CN114024989A - Vehicle information acquisition and fault detection device based on RFID - Google Patents

Abstract

The invention provides a vehicle information acquisition and fault judgment device based on RFID, which can acquire vehicle information more comprehensively by directly connecting a vehicle bus or a sensor signal wire; time is given to an internal system through a Beidou time service module, so that all recorded data are attached with time stamps; the real-time performance of man-machine interaction is improved through the capacitive display screen; through the RFID module, the data transmission mode is convenient and fast and simplified; the data storage is carried out in a mode of a storage module and an external storage card, the data storage is carried out by taking seconds as a unit, the vehicle information of one year can be stored at most, and a reliable and solid data basis is provided for a maintenance unit or a management unit to analyze the vehicle condition.
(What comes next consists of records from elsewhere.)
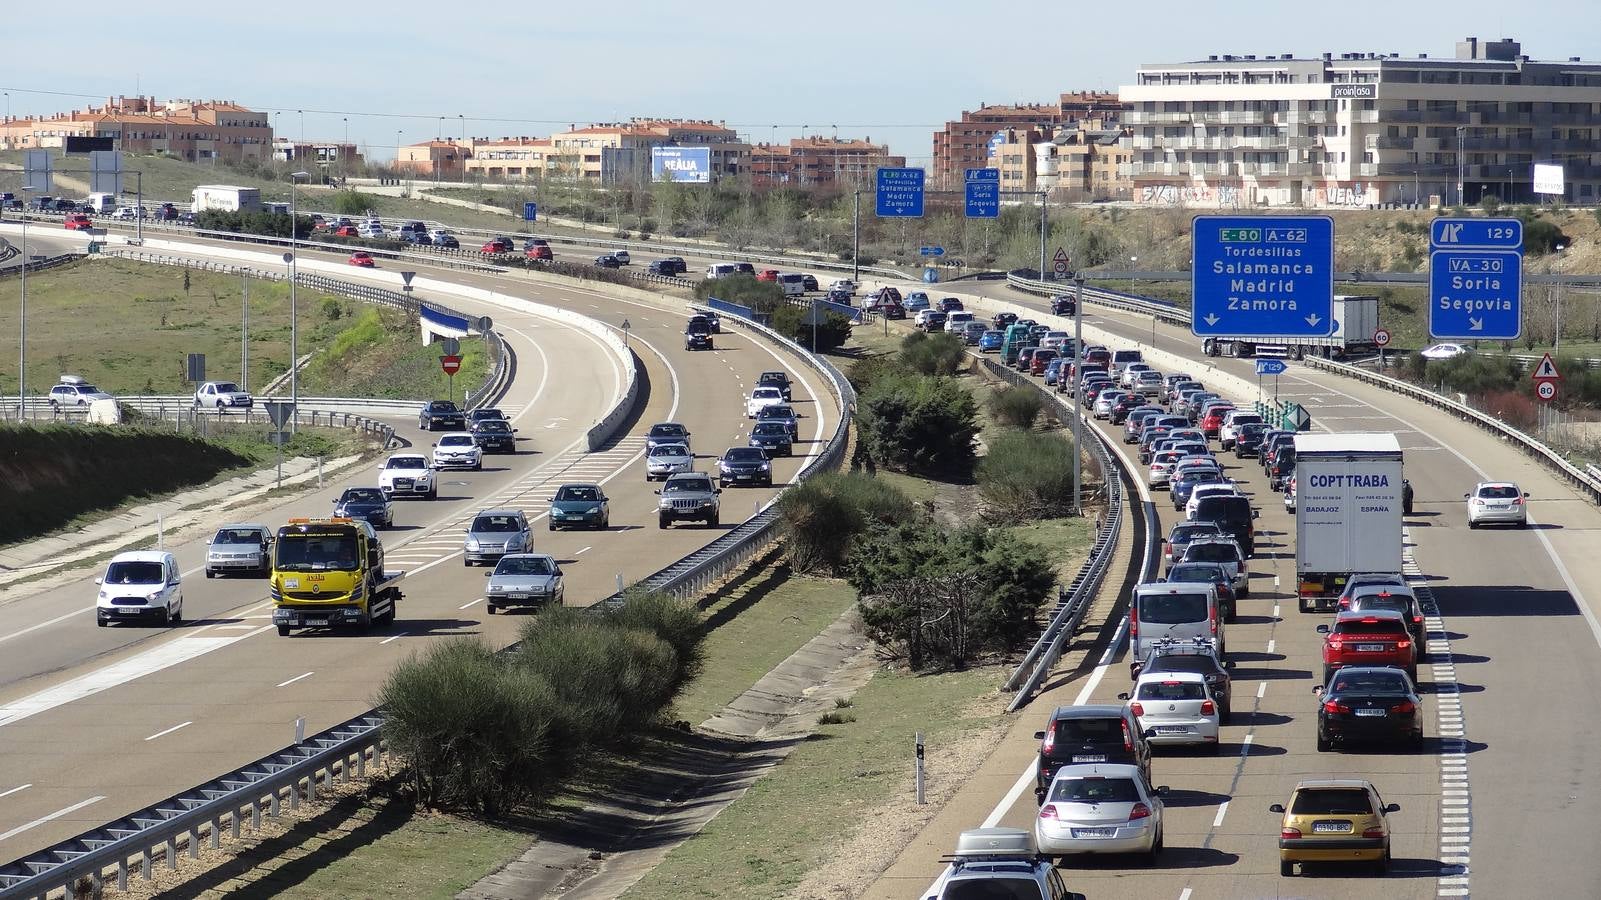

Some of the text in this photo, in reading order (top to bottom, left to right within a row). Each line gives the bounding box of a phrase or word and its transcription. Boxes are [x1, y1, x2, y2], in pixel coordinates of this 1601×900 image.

[973, 191, 991, 199] Soria
[969, 200, 996, 208] Segovia
[1221, 230, 1305, 241] E-80 A-62
[1487, 228, 1514, 239] 129
[1224, 246, 1301, 257] Tordesillas
[1213, 260, 1313, 274] Salamanca
[1451, 260, 1501, 271] VA-30
[1231, 279, 1294, 293] Madrid
[1452, 275, 1500, 290] Soria
[1228, 297, 1297, 311] Zamora
[1440, 296, 1512, 314] Segovia
[1268, 363, 1282, 371] 129
The invention can realize the situation of the returned data by matching with a vehicle management background system or a vehicle maintenance background system, visually display information such as vehicle condition information change trend, vehicle fault occurrence reason, vehicle fault occurrence frequency and the like for a manager, and improve the management efficiency.

Description

Vehicle information acquisition and fault detection device based on RFID

Technical Field

The invention relates to a vehicle information acquisition and fault detection device based on RFID radio frequency transmission.

Background

Along with the rapid development of the automobile manufacturing industry, the intellectualization and the informatization of the automobile are remarkably improved. When the automobile is produced and designed, corresponding sensors are installed at all parts. The sensor transmits part of data to the instrument panel display through a bus or a non-bus form. Moreover, the automobile is often provided with an OBD (On-Board Diagnostic vehicle) interface, so that the collection and the judgment of fault information are facilitated.
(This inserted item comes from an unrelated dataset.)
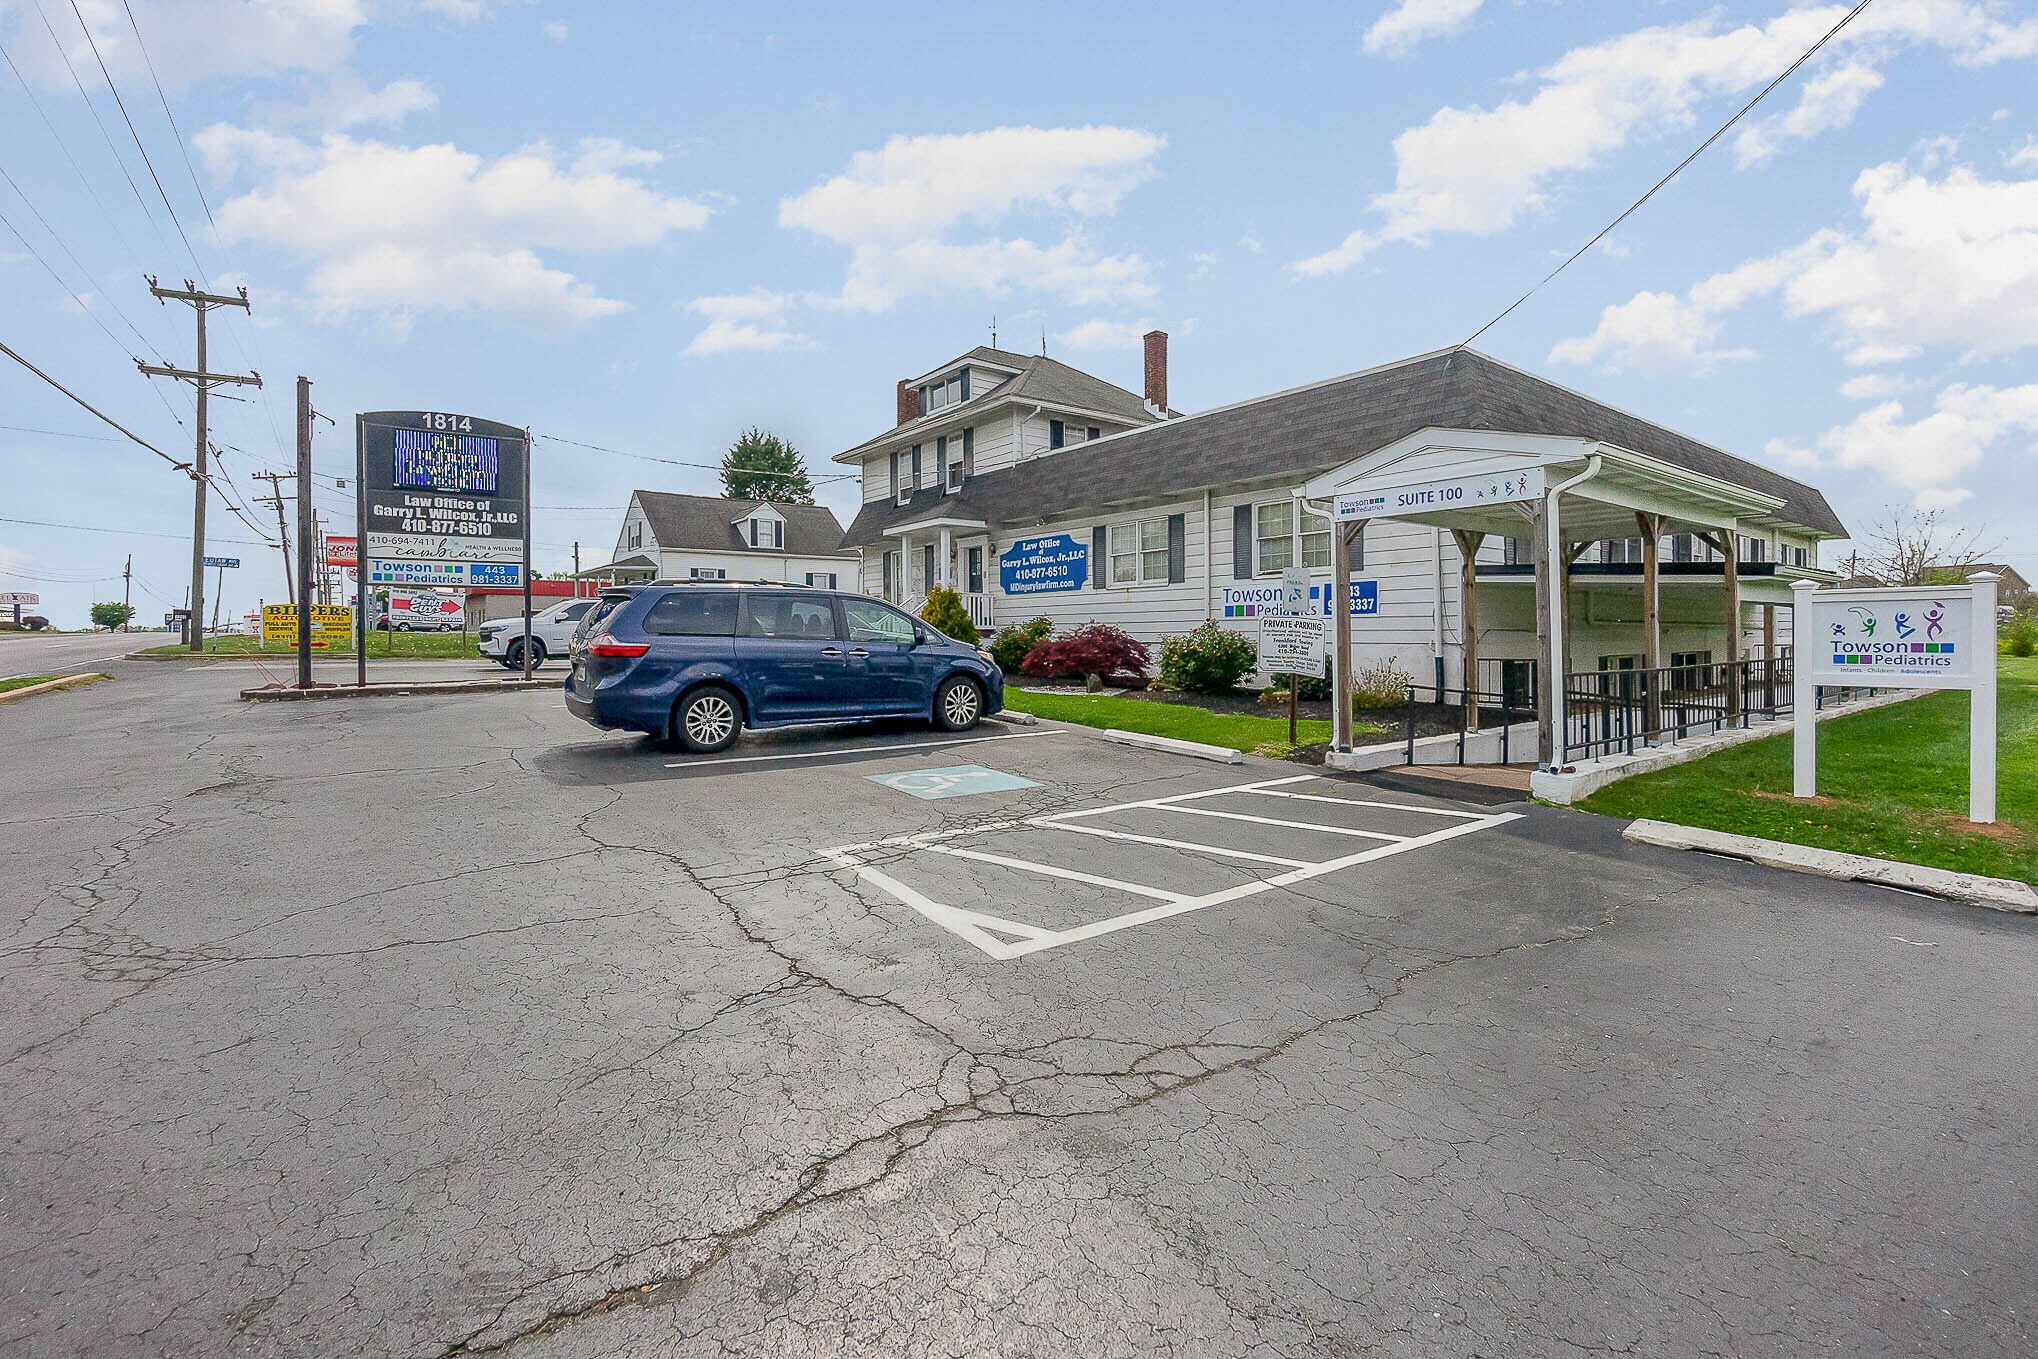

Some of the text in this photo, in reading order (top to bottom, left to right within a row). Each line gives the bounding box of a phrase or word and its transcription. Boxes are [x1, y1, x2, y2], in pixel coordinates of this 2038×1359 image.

However, with the increasing popularity of automobiles, the need for the driver group to know the automobile condition information is also increasing, and the need of the user cannot be met by only relying on data provided by the dashboard. Moreover, more and more drivers only have the vehicle driving capability but lack the capability of judging the vehicle condition, so that correct countermeasures cannot be taken when the vehicle breaks down, and the occurrence probability of vehicle accidents is increased invisibly. The data for judging the vehicle fault by the vehicle diagnosis system of the automobile is isolated and can be understood only by professional maintenance personnel, so that the real-time grasping of the vehicle fault by a driver is restricted.

Moreover, for some advanced vehicles and construction machinery, the management and control of the motorhour (engine running time) is relatively strict, and when the motorhour exceeds a threshold value, the whole engine needs to be overhauled. Therefore, for this kind of advanced vehicles and construction machinery, real-time acquisition and return of the motor hour consumption is urgently needed to be solved.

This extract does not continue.